Флорис закашлялся: слишком много свиданий для одного вечера.
— Постараюсь, дорогая, постараюсь.
— О, Филиппа, мы забыли о поручении императрицы!
— Да, верно! Ой, как мне странно произносить это слово — императрица, — рассмеялась Филиппа. — Словом, она желает, чтобы Адриан отправился к митрополиту и удостоверился, что у него находится корона Владимира кхм… что-то там такое, сына Ярослава… ну, в общем, я забыла, кого.
Адриан нахмурился.
— Если я правильно разобрался в вашем милом щебетании, ее величество желает иметь завтра на церемонии корону, принадлежавшую Владимиру Мономаху, князю Киевскому, сыну Ярослава Мудрого.
— Именно, именно, — восхищенно заворковала Генриетта. — О, как вы умны, Адриан!
— Хорошо, значит, я сейчас иду во дворец Патриарха исполнять поручение ее величества. А Флорис?
— Он пойдет с нами, потому что завтра будет какая-то церемония с шаром и чашкой, которые Флорис должен будет подать царице. Она хочет прорепетировать это сегодня вечером.
— Бог мой! Вы, наверное, имеете в виду державу и золотую чашу? Царица хочет, чтобы именно Флорис завтра подавал их ей? — изумился Адриан. — Это слишком большая честь, Флорис, тебе лучше сразу поблагодарить царицу и отказаться от нее, предоставив эту привилегию какому-нибудь родовитому русскому боярину.
Флорис нахмурился. Неужели брат не может ему простить его успех у Елизаветы? От одной лишь мысли, что он может уличить брата пусть даже в самой ничтожной низости, ему стало не по себе: никем в этом мире он так не восхищался, как своим старшим братом.
— Флорис, выслушай меня: прошу тебя, мой дорогой малыш, исполнив поручения, давай встретимся у Тротти. Он обосновался в Большом дворце, и сейчас затворился у себя в спальне, где разучивает свою завтрашнюю речь.
Флорис улыбнулся. Посол, которого в ночь переворота они забыли в санях, где он чуть не замерз вместе с Жоржем-Альбером, наверняка готовил какой-нибудь сногсшибательный «дипломатический» трюк, дабы поднять свою репутацию в глазах русских. С бьющимся сердцем Флорис следовал за державшими его за руку Филиппой и Генриеттой. Он улыбался девушкам той бессознательно жестокой улыбкой, которой улыбается мужчина, когда влюблен в другую… Он мечтал только о Елизавете и юным полькам отвечал односложно.
— Наверное, это очень серьезно, этот золотой шар и церемония вокруг него, — болтала непосредственная Филиппа, — потому что царица приказала немедленно доставить вас в Теремной дворец. Она также сказала, что вы должны подняться на пятый этаж по южной лестнице.
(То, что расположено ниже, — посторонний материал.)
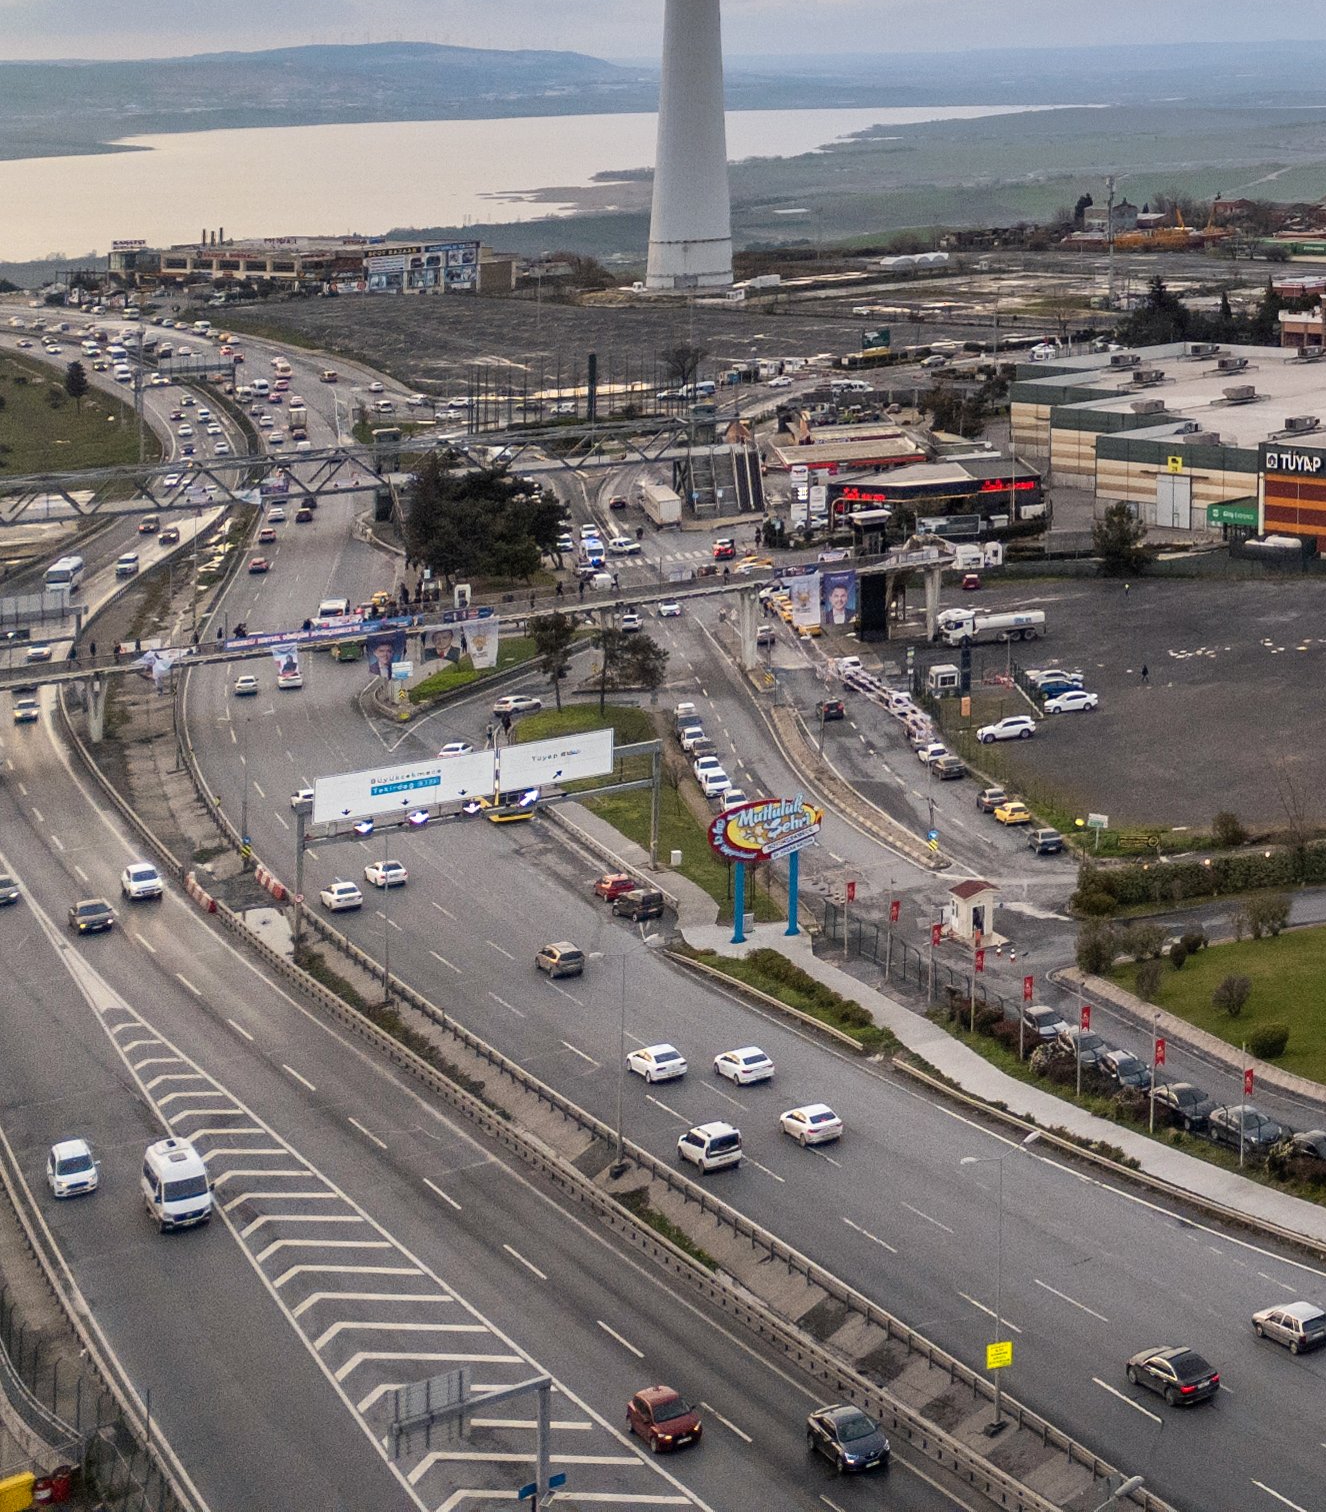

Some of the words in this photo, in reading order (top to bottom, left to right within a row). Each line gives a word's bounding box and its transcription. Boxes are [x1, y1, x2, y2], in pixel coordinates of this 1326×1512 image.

[1279, 450, 1322, 473] TÜYAP
[730, 792, 804, 827] Mutluluk
[763, 812, 811, 841] Şehri
— Да нет, Филиппа, по западной.
Флорис сгорал от нетерпения.
— Постойте, дорогие мои, так все-таки по южной или по западной? Вспомните хорошенько.
Очаровательные польки в растерянности переглянулись.
— Ой, я вспомнила, это была северная лестница с собаками.
— Нет, со львами, а поднявшись по ней, солдат Преображенского полка проведет вас, куда надо… Флорис… Флорис… подождите, — воскликнула Филиппа, — так вы придете сегодня вечером?
Но молодой человек был уже далеко: он летел навстречу своему счастью. Тем, кто плохо знал Кремль, было весьма непросто ориентироваться в его стенах. Кроме ворот, башен, соборов, монастырей, колоколен и дозорных вышек, в нем было множество дворцов, построенных друг напротив друга. Но Флорис слушал голос сердца; он вспомнил, как по дороге в Москву, когда они с Елизаветой мчались в карете, запряженной восьмеркой белых коней, принцесса рассказала ему:
— Торжественные приемы после помазания происходят в Большом дворце и в Грановитой палате, в Теремном дворце официальных приемов не бывает, этот дворец стоит как раз позади первых двух, и именно в нем находятся наши личные покои, где мы раньше останавливались, приезжая в Москву. Надеюсь, что сейчас их успеют привести в порядок, и я смогу отдохнуть там, — небрежно бросила она секретарю, записывающему ее приказания. Флорису тогда показалось, что эти слова были сказаны специально для него.
Он обошел вокруг дворца, на секунду заколебался, затем ступил на тускло освещенную лестницу.
«Вспомним, что там говорила Филиппа? На пятом этаже… надо было бы сказать: на седьмом небе».
Стремительно, словно сумасшедший, он взлетел по лестнице и со всего размаху врезался в грудь великана-преображенца.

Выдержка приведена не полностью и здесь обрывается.